When working with GPR data, specialists may
encounter a situation where the quality of the result of the GPR profiling
performed by them is worse than in the promotional materials of geophysical
equipment manufacturers. The GPR advertising profiles clearly show the
boundaries between the layers and diffracted reflections from local objects,
from which it is easy to determine the wave propagation velocity in the
subsurface environment and the permittivity in the layers. However, this does
not mean that GPR manufacturers are trying to mislead potential customers. It's
just that these exemplary GPR data were obtained during GPR profiling of
subsurface with low losses and contrast layers that best reflect the quality of
The following is an example of a GPR profile obtained during the investigation of a high-contrast subsurface medium with low losses. This field record does not require processing, since it already contains enough information about the structure of the subsurface.
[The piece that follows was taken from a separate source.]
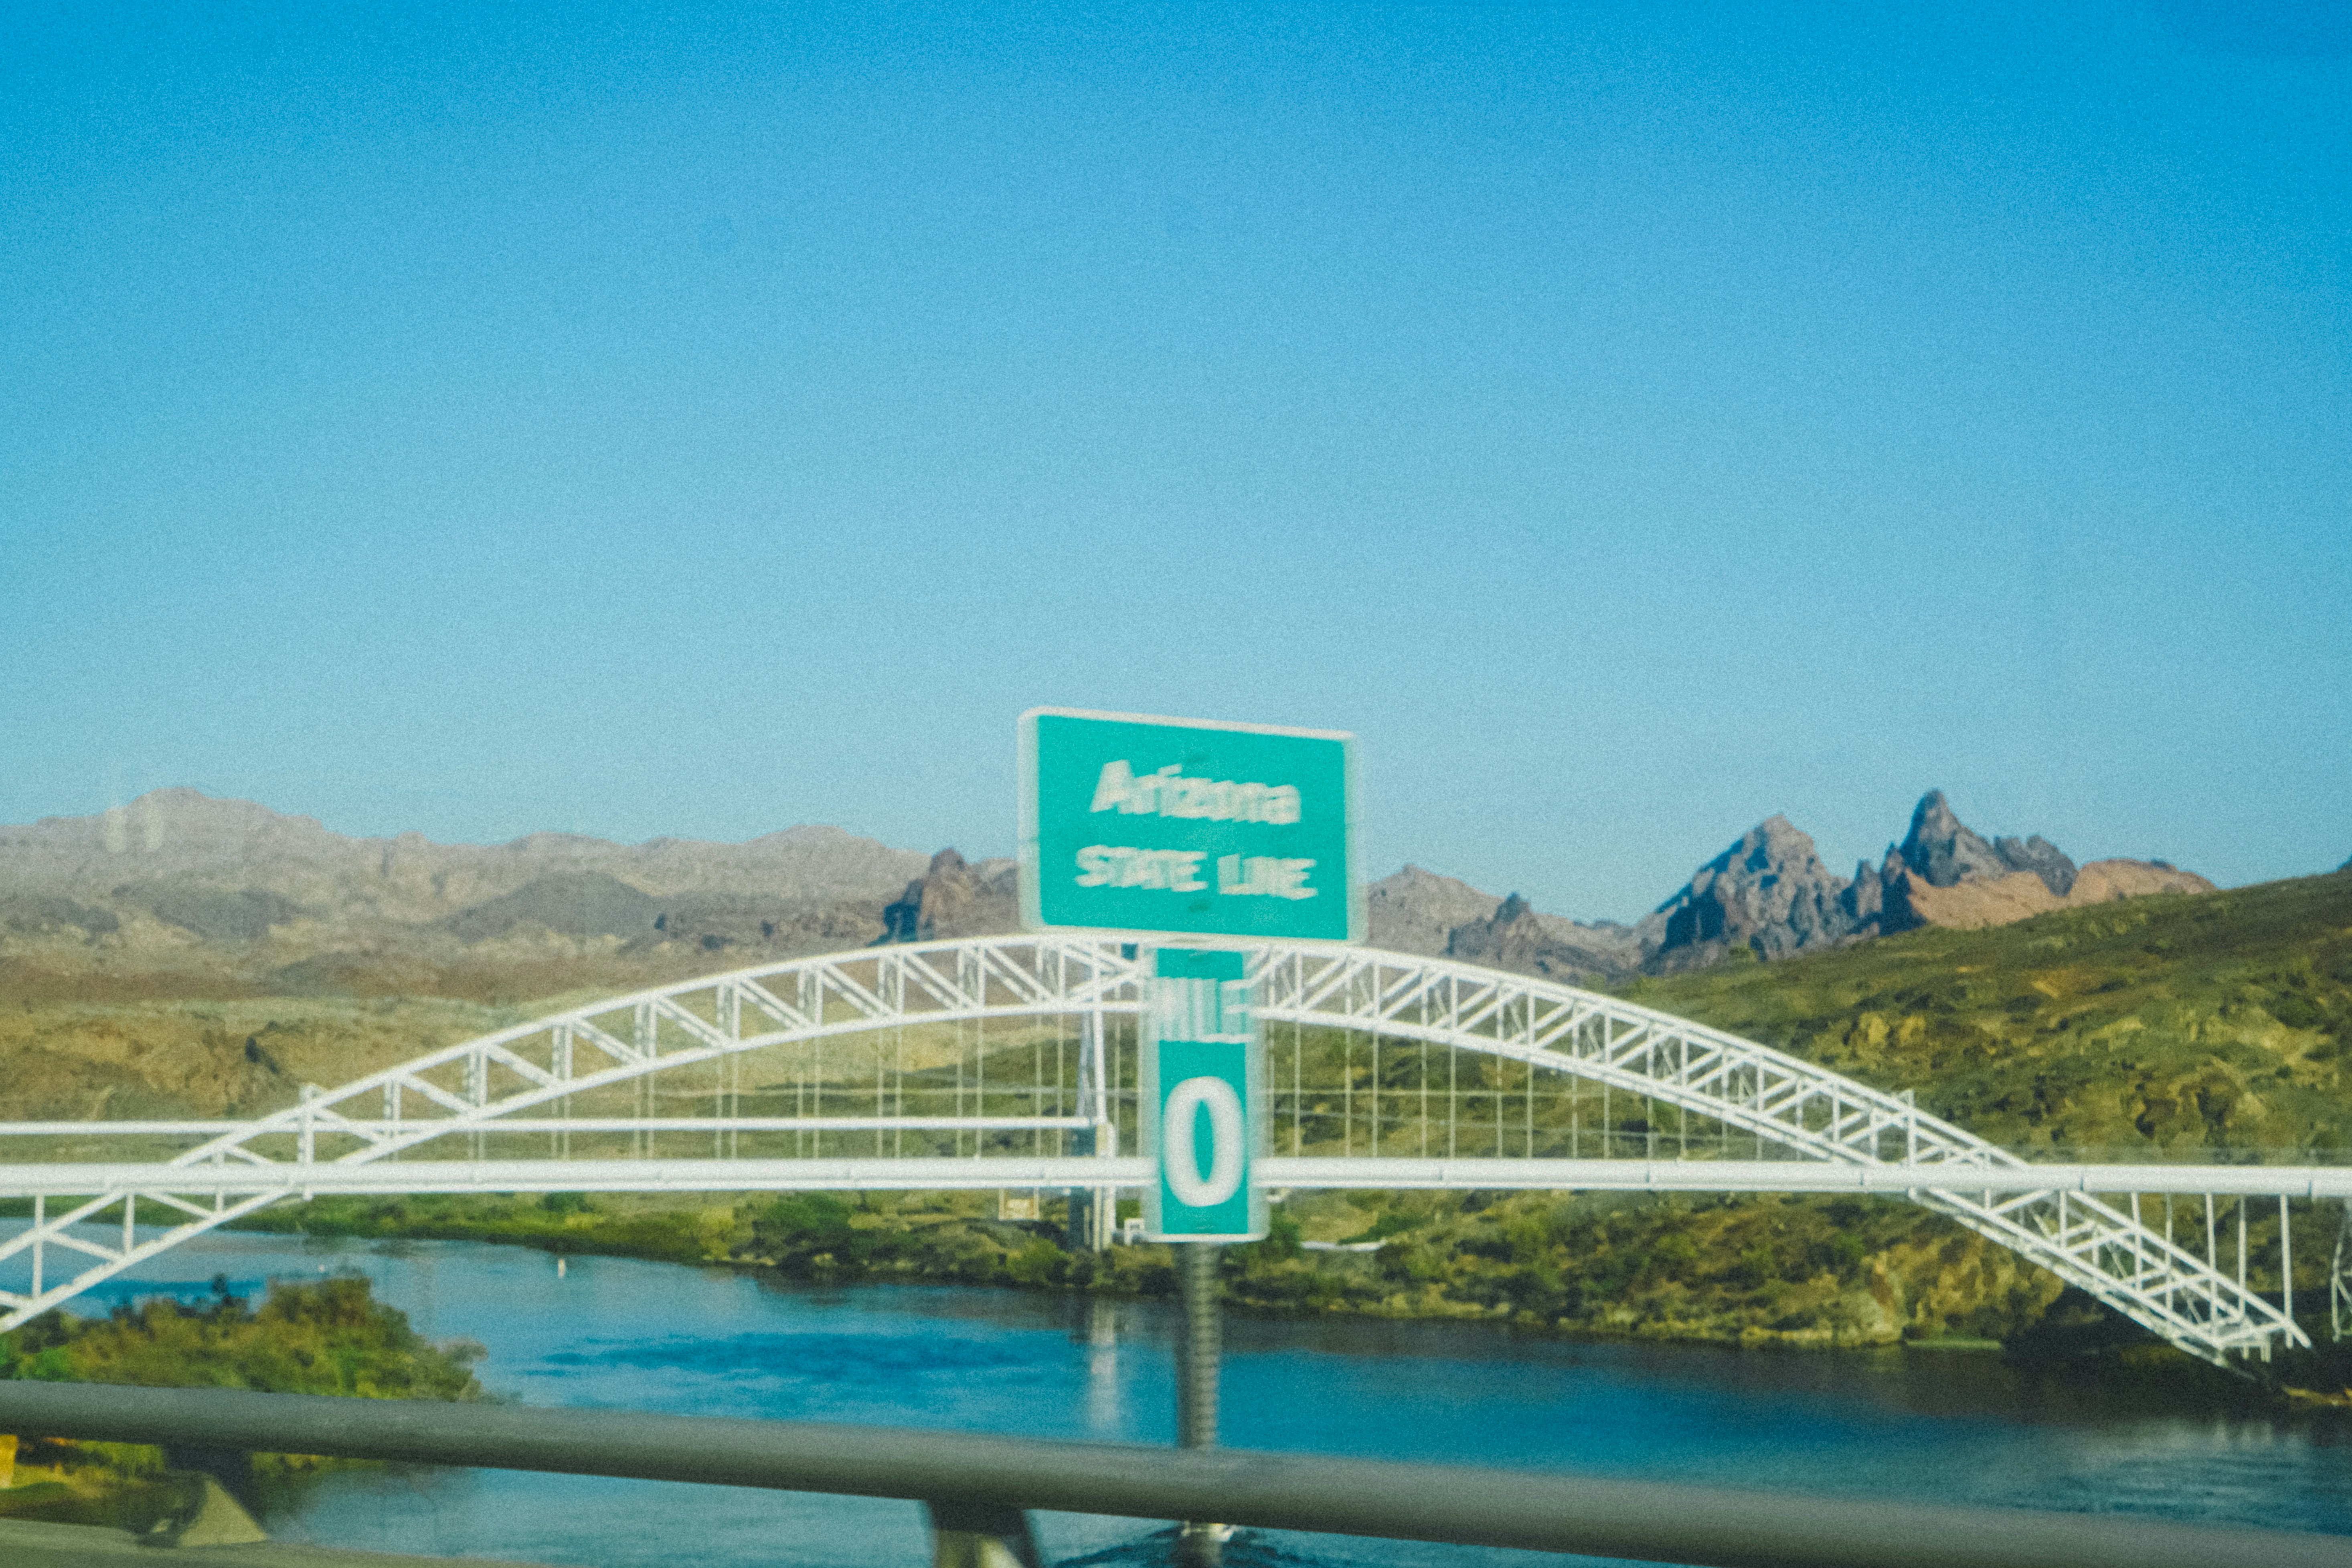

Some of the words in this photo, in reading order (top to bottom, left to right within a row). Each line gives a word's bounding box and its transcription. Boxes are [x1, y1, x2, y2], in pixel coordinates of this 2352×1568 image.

But along with such subsurface environments favorable for GPR surveys it is necessary to investigate low-contrast strata with a high level of absorption of electromagnetic energy, which do not have sharp transitions between layers, under conditions of interference of various nature. Often there are such field recordings:
This profile is recorded by GPR 200 MHz on the sea beach. During the profiling process, the GPR moves away from the coastline in a direction perpendicular to it. The peculiarity of this survey is that the coastal saline soil is probed, which has a high conductivity. For this reason, GPR pulses quickly fade out, and already at a shallow depth, the intensity of reflections from the boundaries of the layers becomes comparable to the noise level on the GPR profile. Noise and interference mask useful reflections, so visual analysis of this profile does not give a positive result. The use of various types of filtering to remove interference also does not lead to success. After removing the interference, the boundaries of the layers are still not visible:
The fact that after suppression of
interference on the GPR profile, reflections from the boundaries of the layers
do not become noticeable does not mean that they are absent. When useful
reflections are close in their characteristics to interference, during the
filtering process, these reflections are removed together with interference.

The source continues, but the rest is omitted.